Incluso la palabra selfie tiene implicaciones peculiares: se trata de la contracción de self-portrait, el retrato de sí mismo que los artistas han hecho durante siglos. El autorretrato era no sólo un género en pintura, sino una visión de cómo el artista se veía a sí mismo a través del filtro de su arte.

Epic-Selfie-—-With-Polar-Bear

Un lugar común de la web dice que todo aquel que publica una foto de un atardecer, una hoja en la calle, su comida o una selfie en Instagram cree que es un artista; en cierto modo, el hecho de que selfie haya sido admitida en el Diccionario Oxford en su última edición indica que los hablantes admiten esta significación, entre otras, a saber: que a diferencia de los maestros de la pintura, cualquiera puede crear un autorretrato de cierto gusto estético en apenas unos pocos segundos.

No entraremos a discutir el aura benjamineana perdida o recuperada a través de las selfies (daría para un par de tesis doctorales); en cambio, sería buen momento para reflexionar acerca de un par de elementos que hacen de la selfie una expresión propia de nuestros días en el ecosistema web.

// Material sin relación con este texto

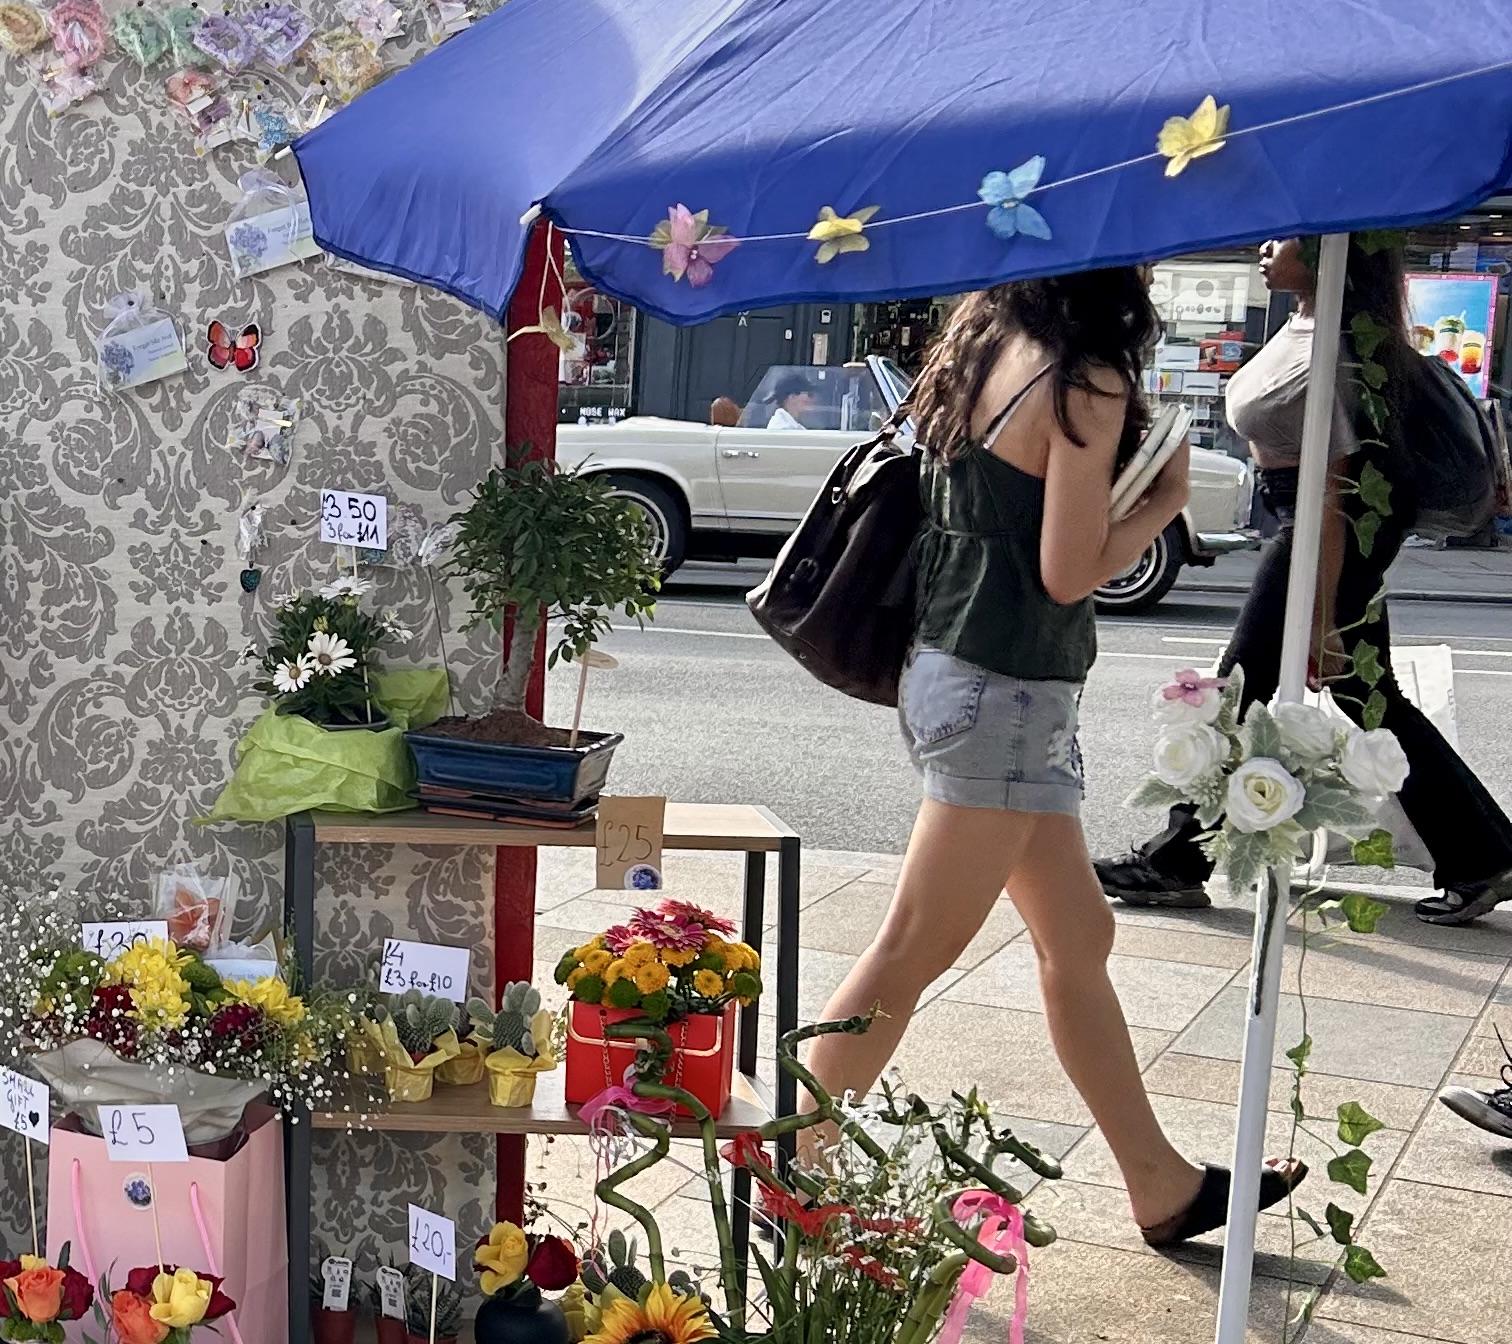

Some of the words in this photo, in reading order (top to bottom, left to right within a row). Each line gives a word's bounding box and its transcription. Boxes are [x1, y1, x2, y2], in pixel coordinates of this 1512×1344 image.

[608, 407, 626, 417] WAX
[599, 820, 653, 868] £25
[381, 941, 404, 966] £4
[385, 968, 406, 987] £3
[429, 972, 453, 993] £10
[14, 1111, 28, 1131] £5
[109, 1109, 155, 1145] £5
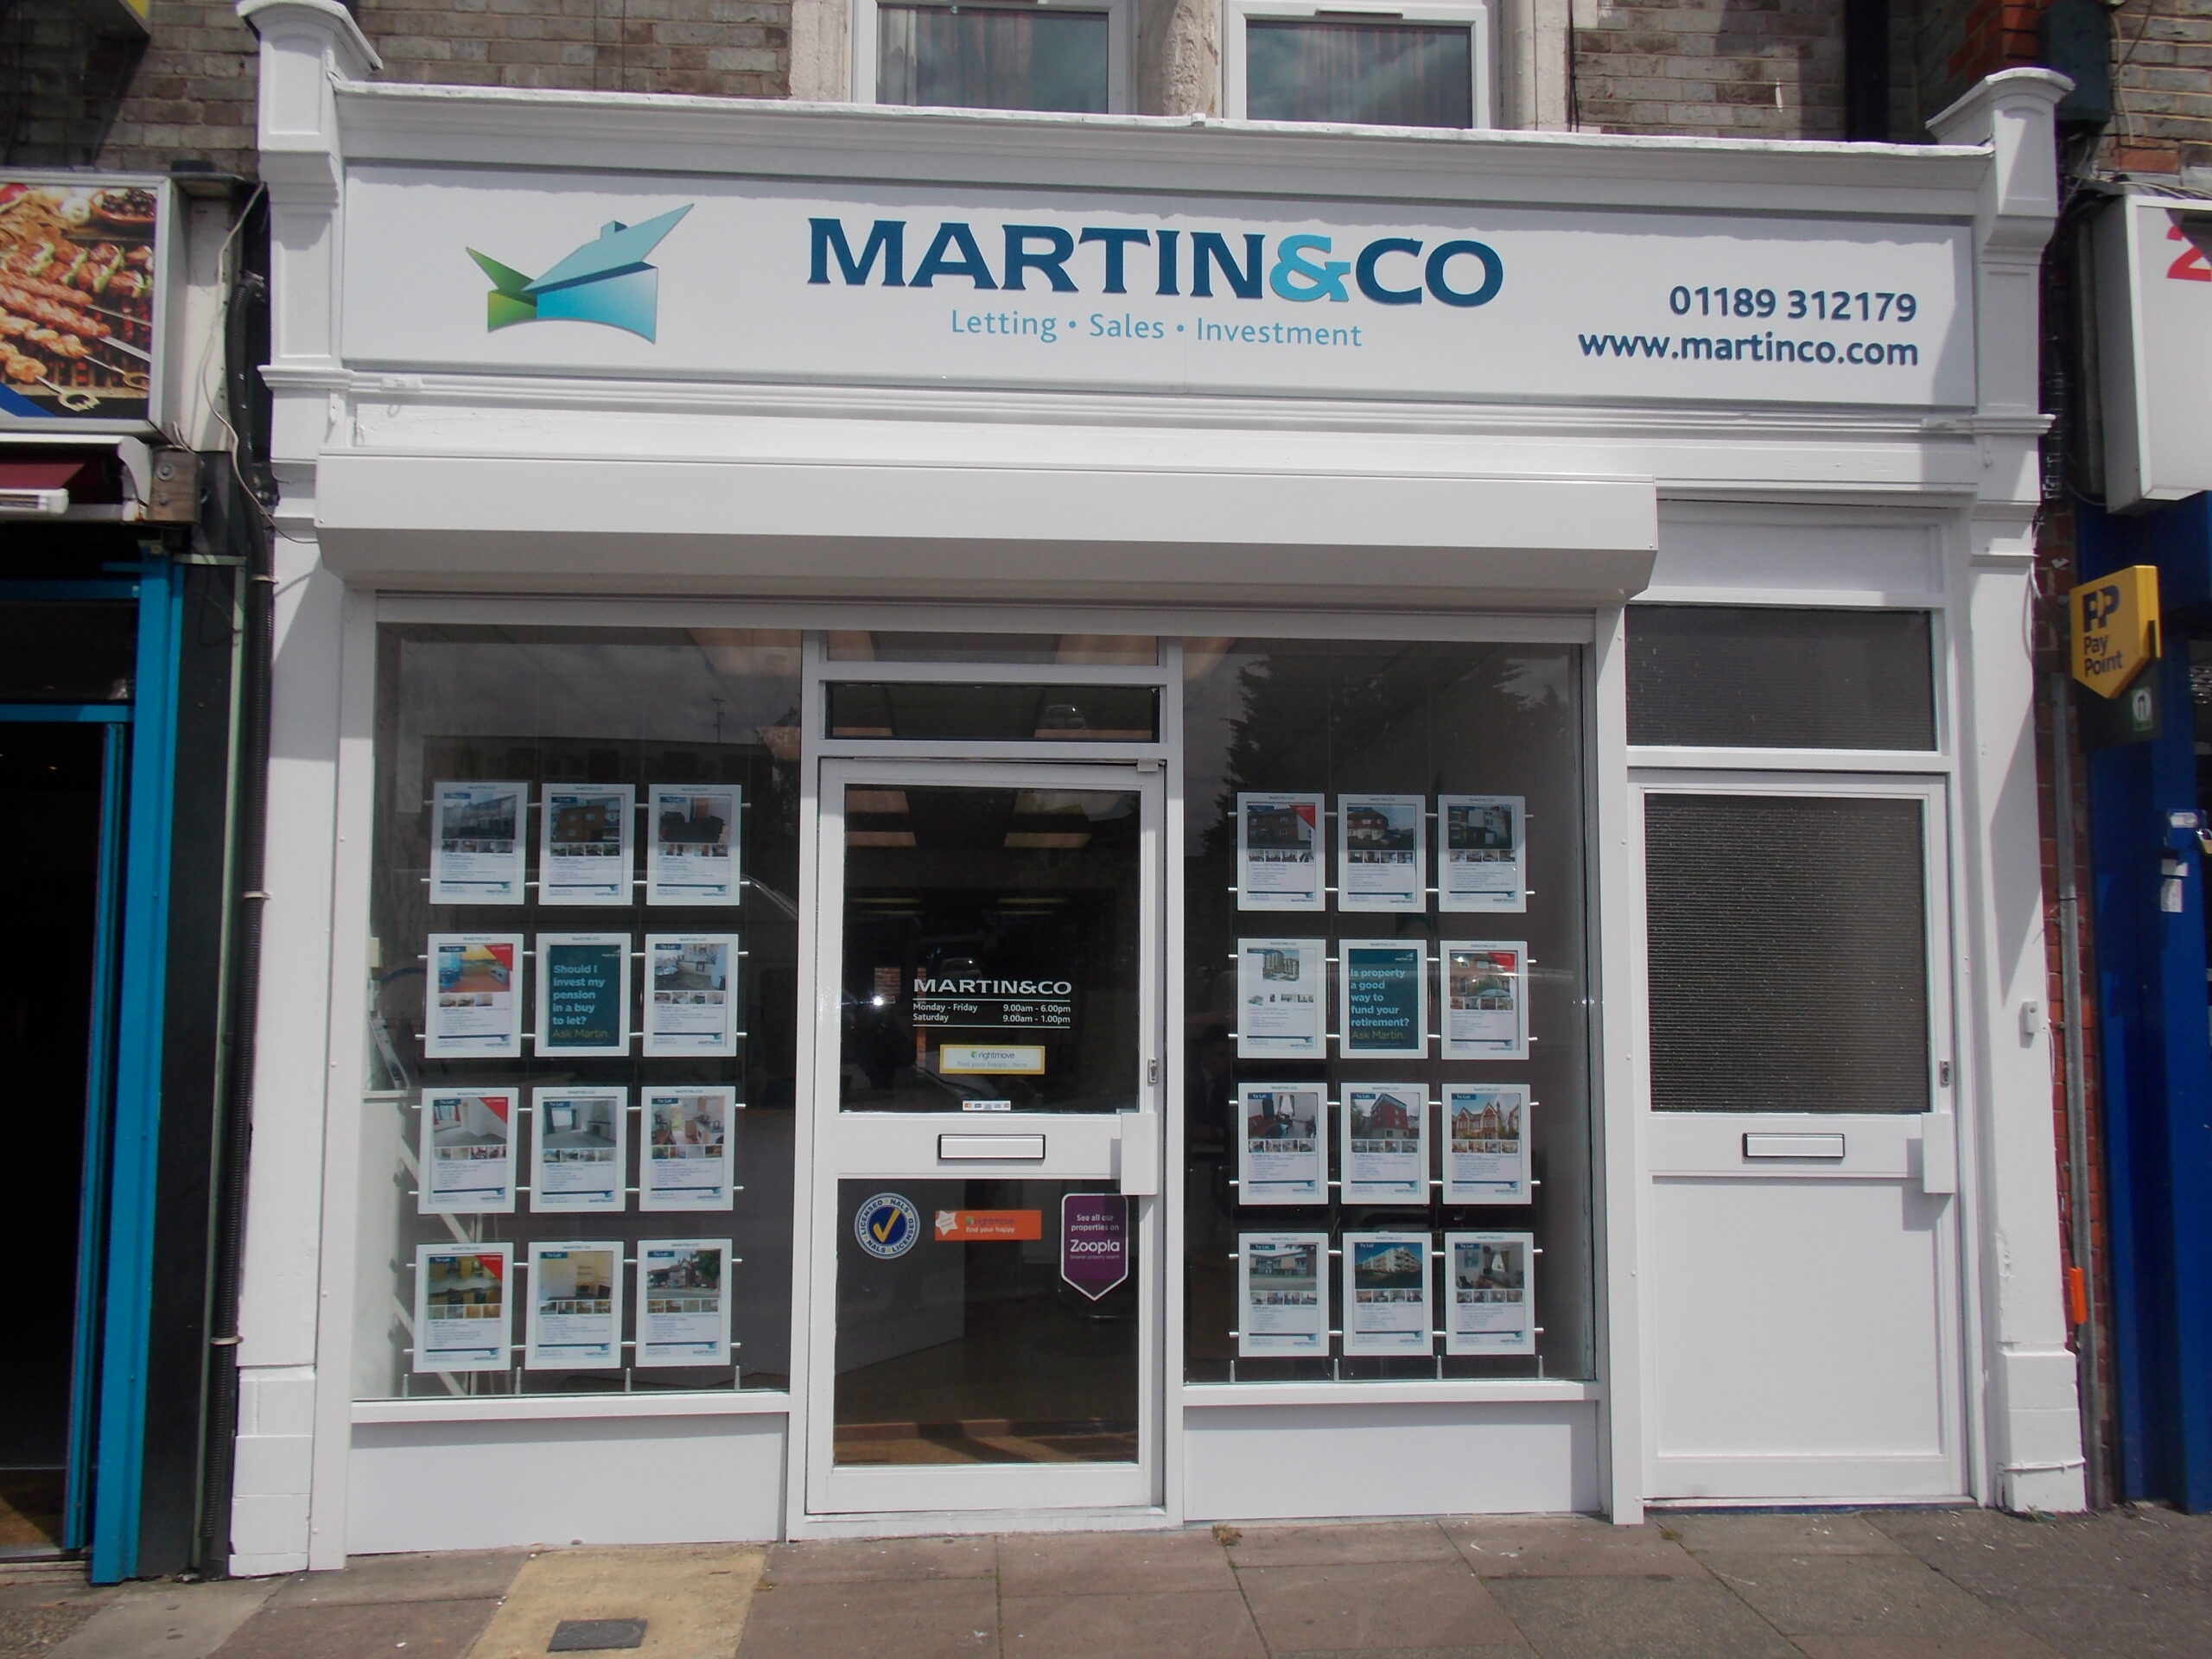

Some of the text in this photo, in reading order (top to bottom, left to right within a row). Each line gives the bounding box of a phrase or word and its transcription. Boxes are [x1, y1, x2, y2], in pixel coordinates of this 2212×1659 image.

[808, 217, 1504, 308] MARTIN&CO
[1669, 286, 1916, 322] 01189 312179
[951, 309, 1363, 347] Letting Sales Investment
[1579, 331, 1919, 367] www.martinco.com
[2084, 636, 2109, 656] Pay
[2084, 651, 2123, 677] Point
[553, 964, 598, 975] Should I
[1351, 969, 1405, 980] Is property
[553, 976, 606, 989] invest my
[912, 978, 1072, 995] MARTIN&CO
[1351, 980, 1385, 992] a good
[553, 989, 595, 1002] pension
[1351, 993, 1384, 1004] way to
[553, 1002, 563, 1013] in
[574, 1002, 595, 1014] buy
[912, 1003, 946, 1013] Monday
[953, 1003, 978, 1014] Friday
[1003, 1004, 1033, 1013] 9.00am
[1040, 1004, 1071, 1014] 6.00pm
[1351, 1005, 1399, 1017] fund your
[553, 1015, 587, 1026] to let?
[912, 1013, 950, 1022] Saturday
[1002, 1014, 1033, 1023] 9.00am
[1041, 1015, 1071, 1025] 1.00pm
[1351, 1017, 1409, 1027] retirement?
[552, 1028, 610, 1039] Ask Martin.
[1351, 1029, 1405, 1039] Ask Martin.
[978, 1052, 1015, 1060] rightmove
[890, 1198, 910, 1213] NALS
[860, 1199, 883, 1236] LICENSED
[1071, 1224, 1109, 1232] properties
[892, 1217, 915, 1253] LICENSED
[867, 1239, 887, 1253] NALS
[1071, 1239, 1120, 1255] Zoopla
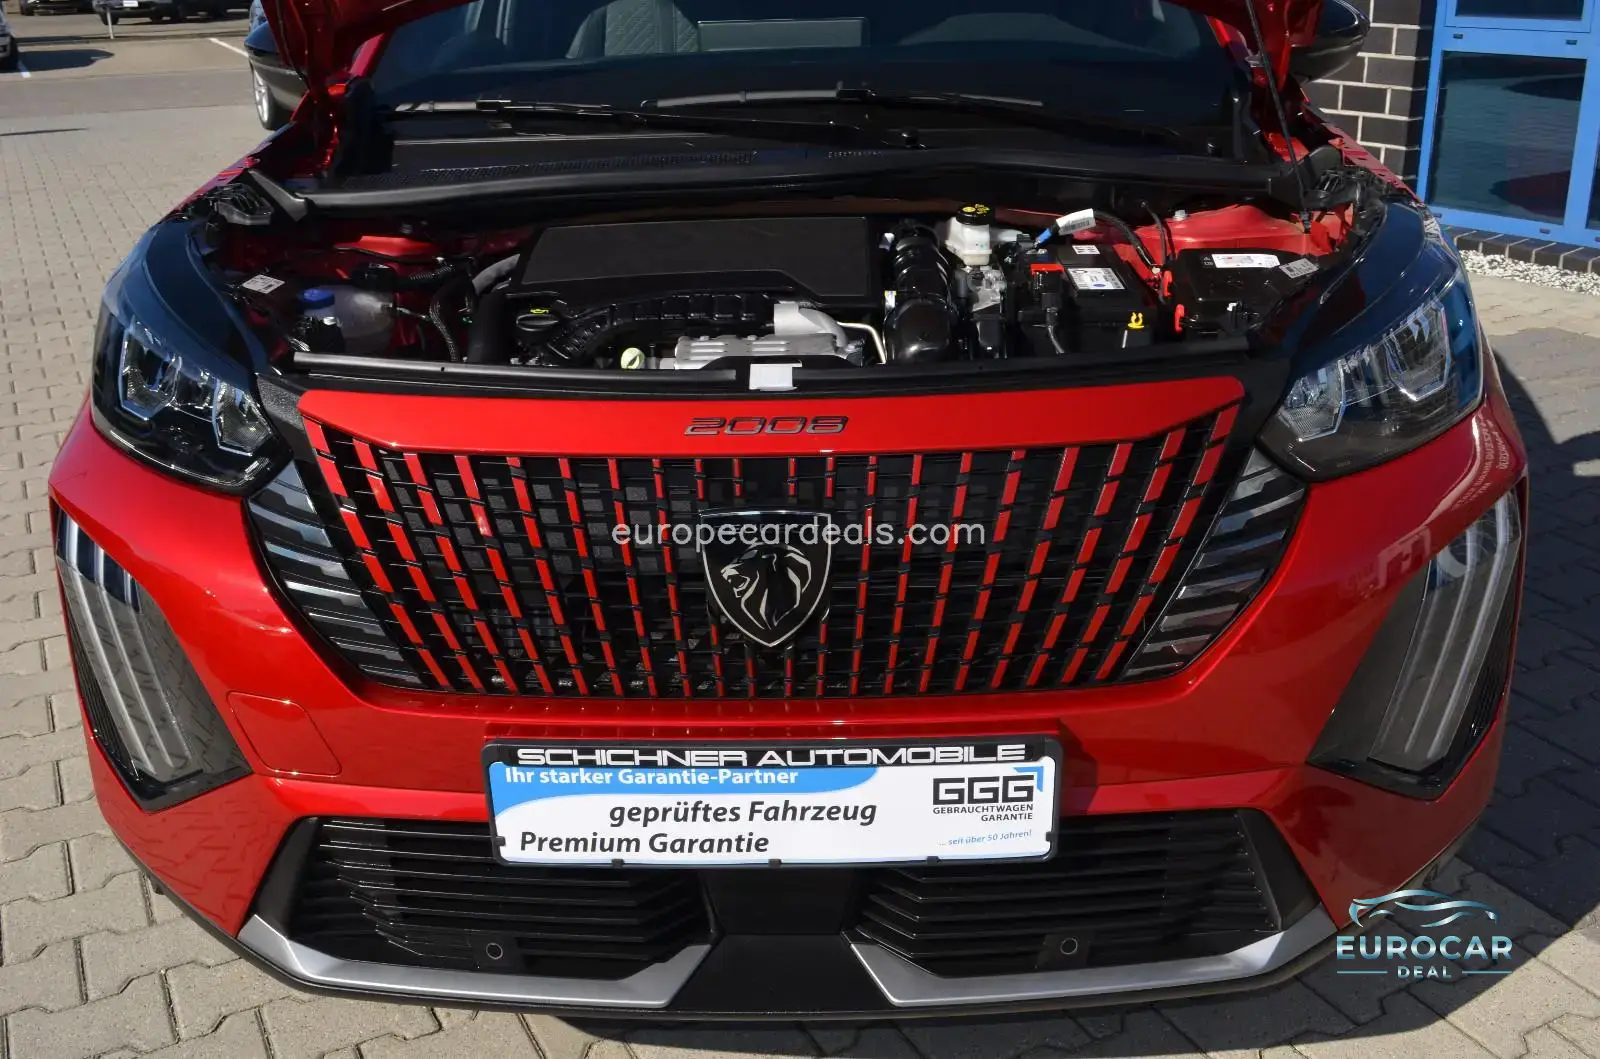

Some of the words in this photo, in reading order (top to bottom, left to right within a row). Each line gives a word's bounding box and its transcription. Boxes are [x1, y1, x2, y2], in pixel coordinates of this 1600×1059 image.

[684, 415, 849, 436] 2008
[516, 748, 748, 767] SCHICHNER
[755, 744, 1026, 767] AUTOMOBILE
[504, 767, 535, 784] Ihr
[539, 767, 613, 785] starker
[618, 767, 799, 785] Garantie-Partner
[932, 774, 1035, 806] GGG
[609, 799, 742, 827] geprüftes
[748, 799, 878, 827] Fahrzeug
[932, 803, 1034, 815] GEBRAUCHTWAGEN
[980, 812, 1034, 823] GARANTIE
[519, 832, 642, 854] Premium
[648, 832, 770, 854] Garantie
[948, 837, 964, 846] seit
[965, 835, 986, 845] über
[987, 833, 999, 842] 50
[999, 828, 1033, 841] Jahren!
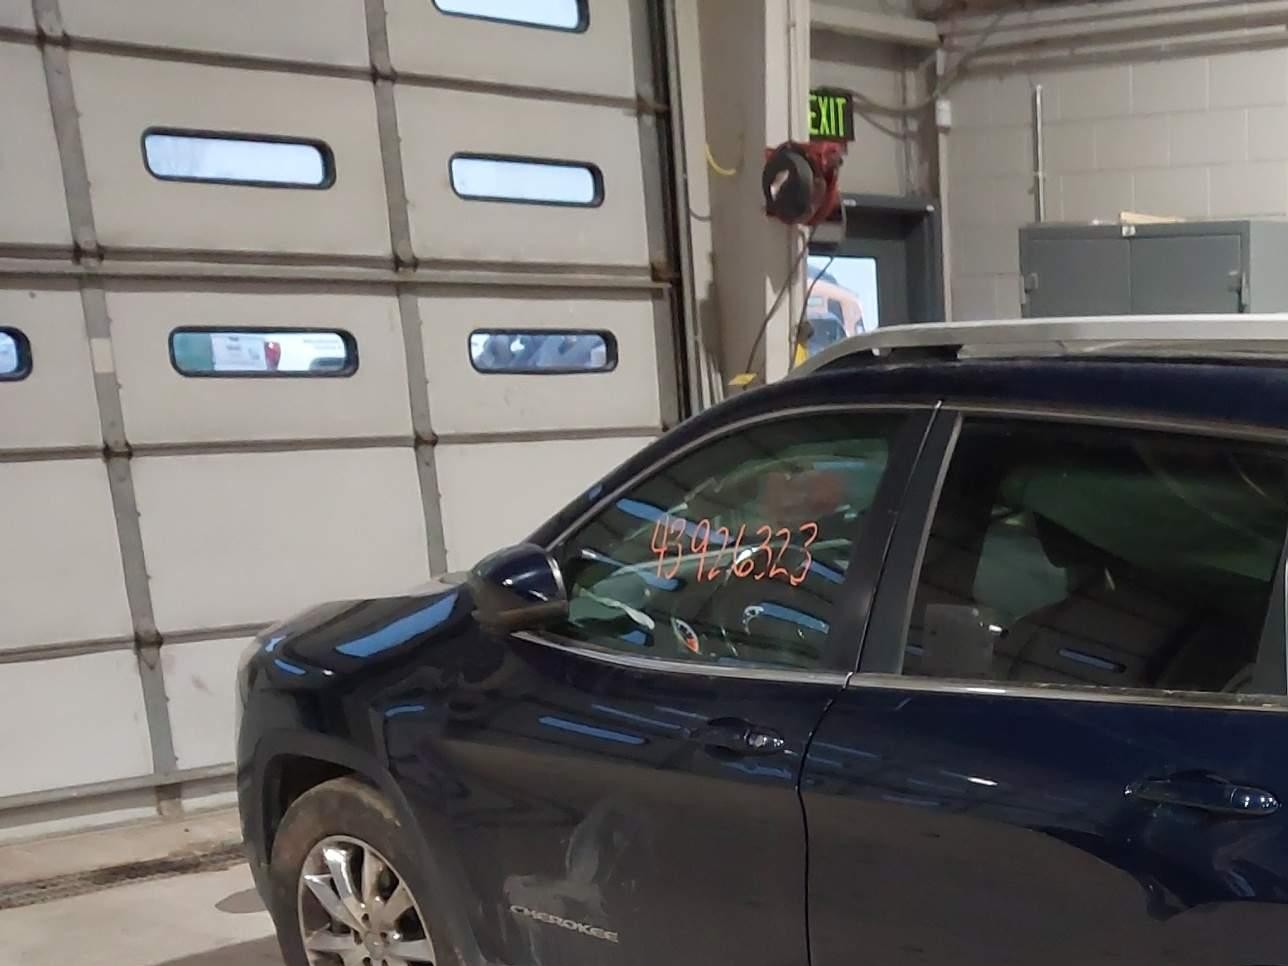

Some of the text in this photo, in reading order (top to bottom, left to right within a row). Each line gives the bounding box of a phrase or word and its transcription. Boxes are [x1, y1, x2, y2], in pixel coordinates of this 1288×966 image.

[808, 95, 847, 137] EXIT
[652, 517, 818, 587] 43926323
[509, 904, 619, 944] CHEROKEE

Para la curadora de arte Alicia Eler, el autorretrato es una imagen adolescente, en el sentido de que es producida por alguien "que reconoce la identidad y el ser propio que está siempre en el proceso de convertirse en". Eler define propiamente las selfies como "autorretratos que aparecen en sitios de redes sociales", destacando el entorno propio de estas imágenes. 

Las selfies, como otros contenidos producidos por usuarios (user generated content), forman la mayor parte de lo que vemos en todo momento al entrar a Instagram, Pinterest, Twitter o Facebook. El acto de compartir contenido a través de estos medios puede considerarse otra forma de autoexpresión de los sujetos, en la medida en que desean ser asociados por sus contactos con tales contenidos (desde un libro o una canción hasta los lugares en los que hacen check-in a través de Foursquare). Lo que diferencia y hace interesante a las selfies como contenido, sin embargo, es que llevan la premisa de "contenido generado por el usuario" a un nivel extremo, casi tautológico: el contenido producido por el usuario es la imagen misma del usuario; un espejo público en el cual el usuario comparte su propio reflejo con "el mundo", constreñido por su red de contactos.

Epic-Selfie-—-Eminem-with-Mona-Lisa

La metáfora del espejo es igualmente importante para Eler, en el sentido de que su función es "conectarse con otros a través de procesos de espejo (mirroring processes), no estar solo frente a un espejo estático de un solo sentido". Las selfies, pues, podrían ser una especie de espejos de doble sentido: el de la propia imagen reflejada y el de la colectividad que reacciona a esas fotos a través de likes, favs, comentarios, etc. (Tampoco será posible extendernos lo suficiente como para abordar el condicionamiento de clase y cómo el reconocimiento mediático es un sucedáneo deseable para las clases medias de escalada social, y para las clases altas de perpetuación de ese estatus: selfies en autos, con gente famosa, en eventos exclusivos, buscan hacer creer que la persona es "especial" por el hecho de pertenecer a una clase social, o de dejar de pertenecer, como en el curioso caso de las selfies en funerales).

Es por esto que las selfies pueden calificarse de "egocéntricas", en el sentido formal de que son imágenes que un yo idealizado produce de sí mism@. Una selfie dice "Así me veo" en más de un sentido, simultáneamente: 

-Así es como me veo a mí mism@.

-Así es como quiero que me vean.

-Así es como quisiera verme.

-Con estas personas/cosas quiero que me relacionen.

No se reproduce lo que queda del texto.